### Records for this task
Start of Block

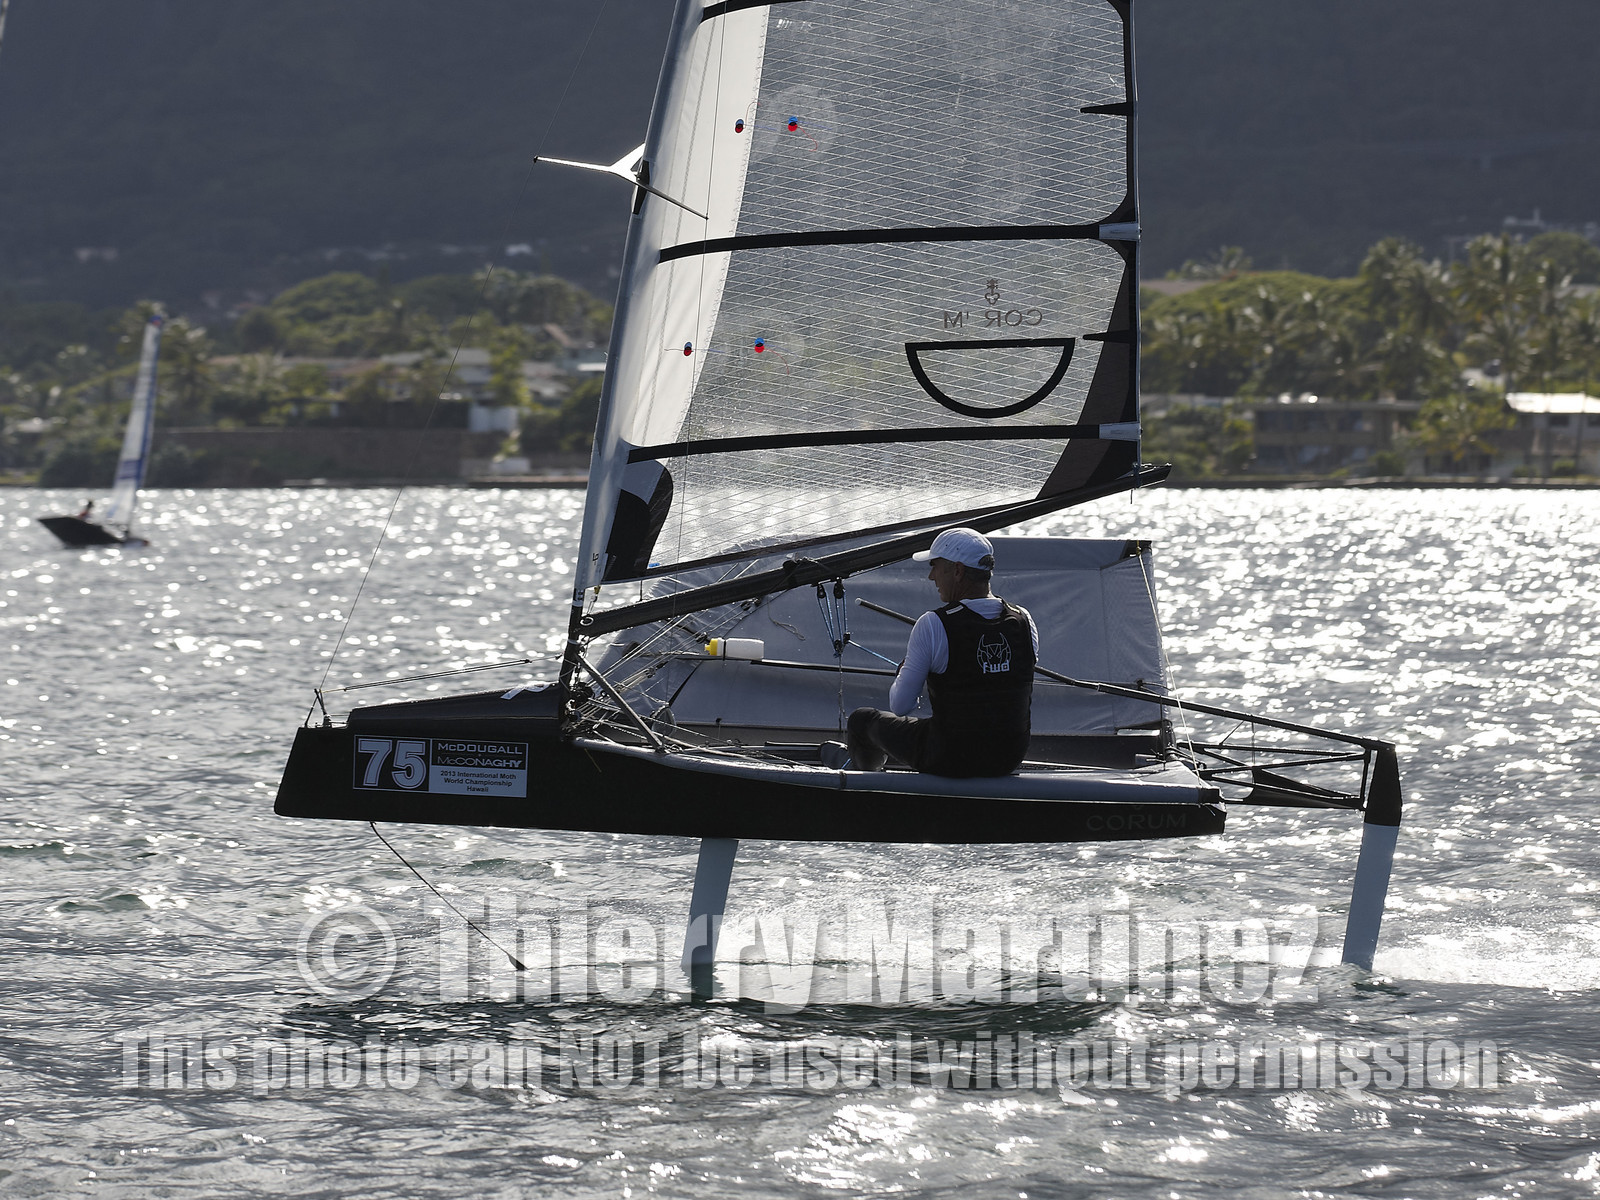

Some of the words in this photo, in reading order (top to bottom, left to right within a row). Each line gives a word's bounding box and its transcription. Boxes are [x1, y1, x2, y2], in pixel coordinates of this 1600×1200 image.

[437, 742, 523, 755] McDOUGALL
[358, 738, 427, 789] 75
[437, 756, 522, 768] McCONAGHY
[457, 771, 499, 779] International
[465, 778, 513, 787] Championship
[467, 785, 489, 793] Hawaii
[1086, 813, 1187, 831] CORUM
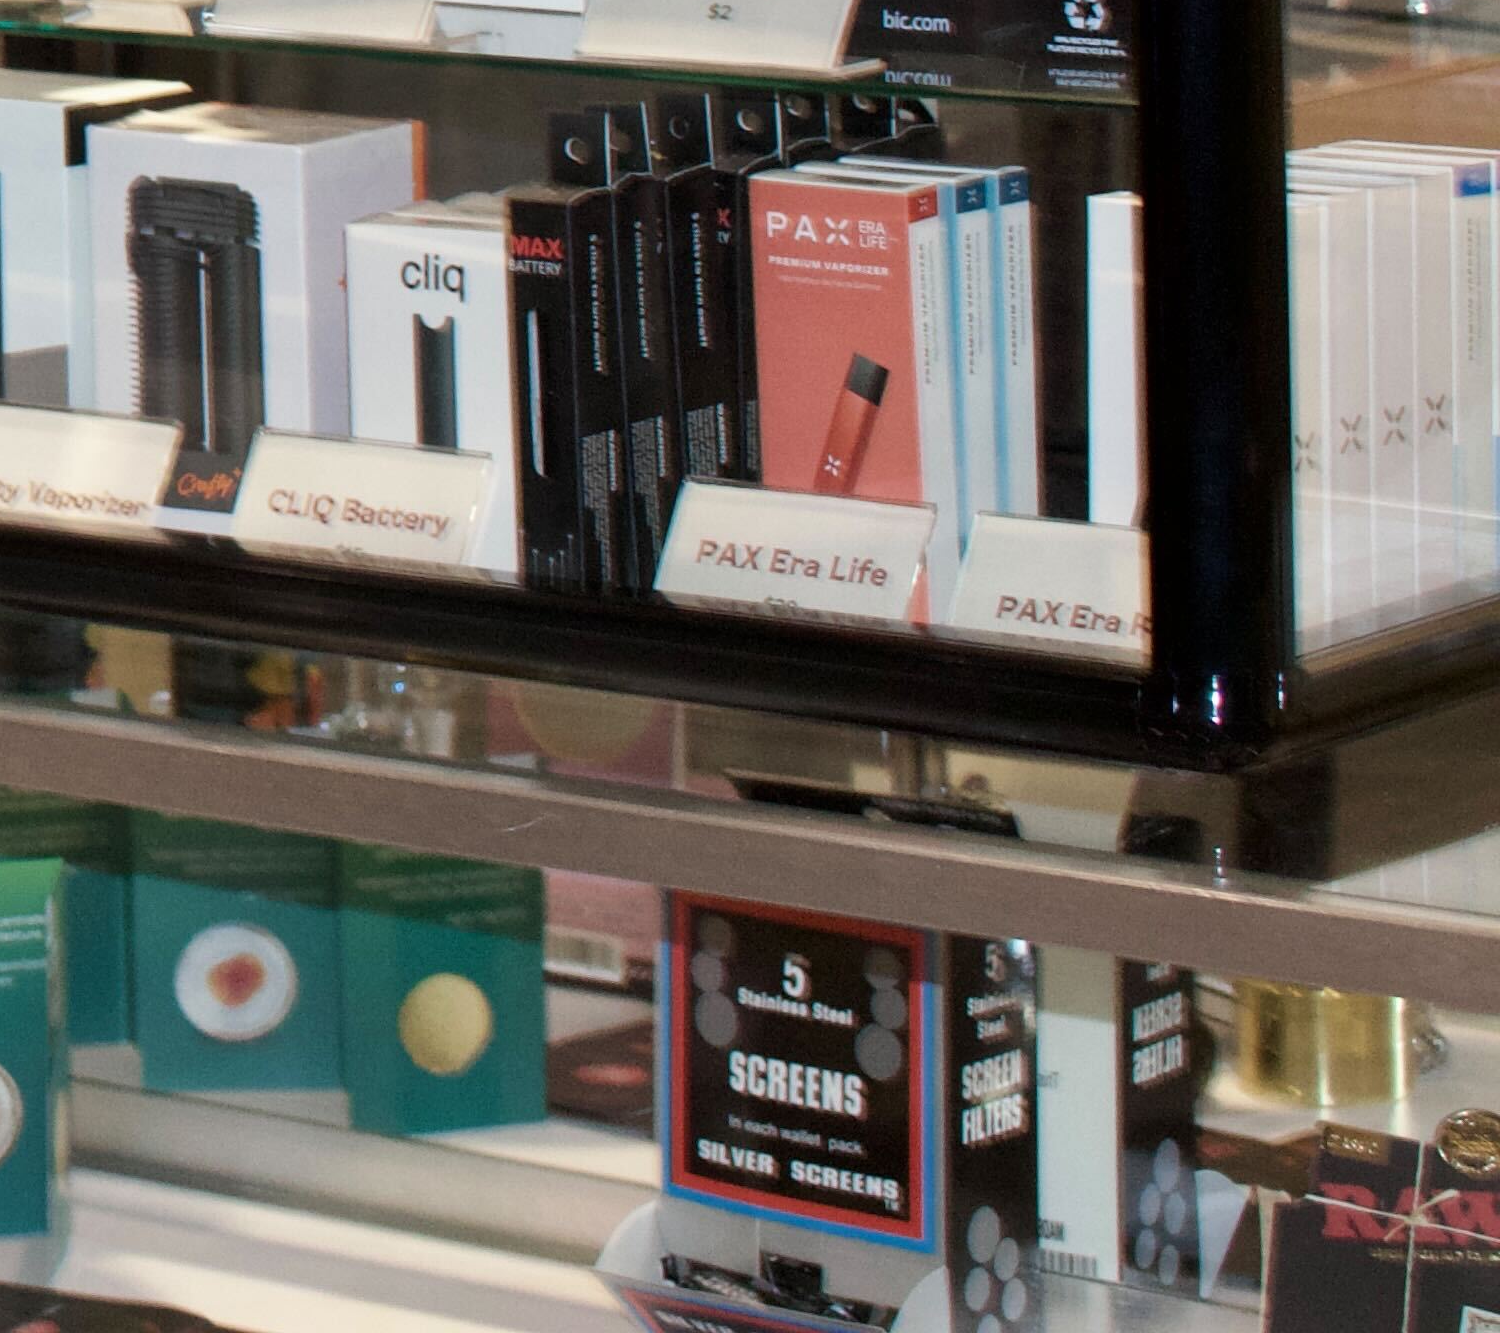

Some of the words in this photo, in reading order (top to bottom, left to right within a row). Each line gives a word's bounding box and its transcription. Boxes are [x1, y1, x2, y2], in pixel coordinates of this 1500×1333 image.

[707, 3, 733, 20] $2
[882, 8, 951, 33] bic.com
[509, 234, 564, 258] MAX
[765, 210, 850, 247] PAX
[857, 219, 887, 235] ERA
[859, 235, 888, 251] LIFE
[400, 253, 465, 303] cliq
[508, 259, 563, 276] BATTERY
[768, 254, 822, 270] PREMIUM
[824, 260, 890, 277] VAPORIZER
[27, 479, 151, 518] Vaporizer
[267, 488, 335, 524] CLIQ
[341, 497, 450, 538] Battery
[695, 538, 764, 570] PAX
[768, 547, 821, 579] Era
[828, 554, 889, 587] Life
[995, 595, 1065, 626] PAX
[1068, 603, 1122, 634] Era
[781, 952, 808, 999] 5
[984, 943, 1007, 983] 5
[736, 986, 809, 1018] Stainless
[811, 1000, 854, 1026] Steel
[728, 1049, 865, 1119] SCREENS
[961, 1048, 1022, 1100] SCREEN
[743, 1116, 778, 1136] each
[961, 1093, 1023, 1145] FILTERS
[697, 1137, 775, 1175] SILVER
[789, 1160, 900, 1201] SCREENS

End of Block

### What to produce
Through the final line of the listing, beginning at the line that contains "this 1500×1333 image.", every line is to be set down exactly, with no others.

### Solution below
Some of the words in this photo, in reading order (top to bottom, left to right within a row). Each line gives a word's bounding box and its transcription. Boxes are [x1, y1, x2, y2], in pixel coordinates of this 1500×1333 image.

[707, 3, 733, 20] $2
[882, 8, 951, 33] bic.com
[509, 234, 564, 258] MAX
[765, 210, 850, 247] PAX
[857, 219, 887, 235] ERA
[859, 235, 888, 251] LIFE
[400, 253, 465, 303] cliq
[508, 259, 563, 276] BATTERY
[768, 254, 822, 270] PREMIUM
[824, 260, 890, 277] VAPORIZER
[27, 479, 151, 518] Vaporizer
[267, 488, 335, 524] CLIQ
[341, 497, 450, 538] Battery
[695, 538, 764, 570] PAX
[768, 547, 821, 579] Era
[828, 554, 889, 587] Life
[995, 595, 1065, 626] PAX
[1068, 603, 1122, 634] Era
[781, 952, 808, 999] 5
[984, 943, 1007, 983] 5
[736, 986, 809, 1018] Stainless
[811, 1000, 854, 1026] Steel
[728, 1049, 865, 1119] SCREENS
[961, 1048, 1022, 1100] SCREEN
[743, 1116, 778, 1136] each
[961, 1093, 1023, 1145] FILTERS
[697, 1137, 775, 1175] SILVER
[789, 1160, 900, 1201] SCREENS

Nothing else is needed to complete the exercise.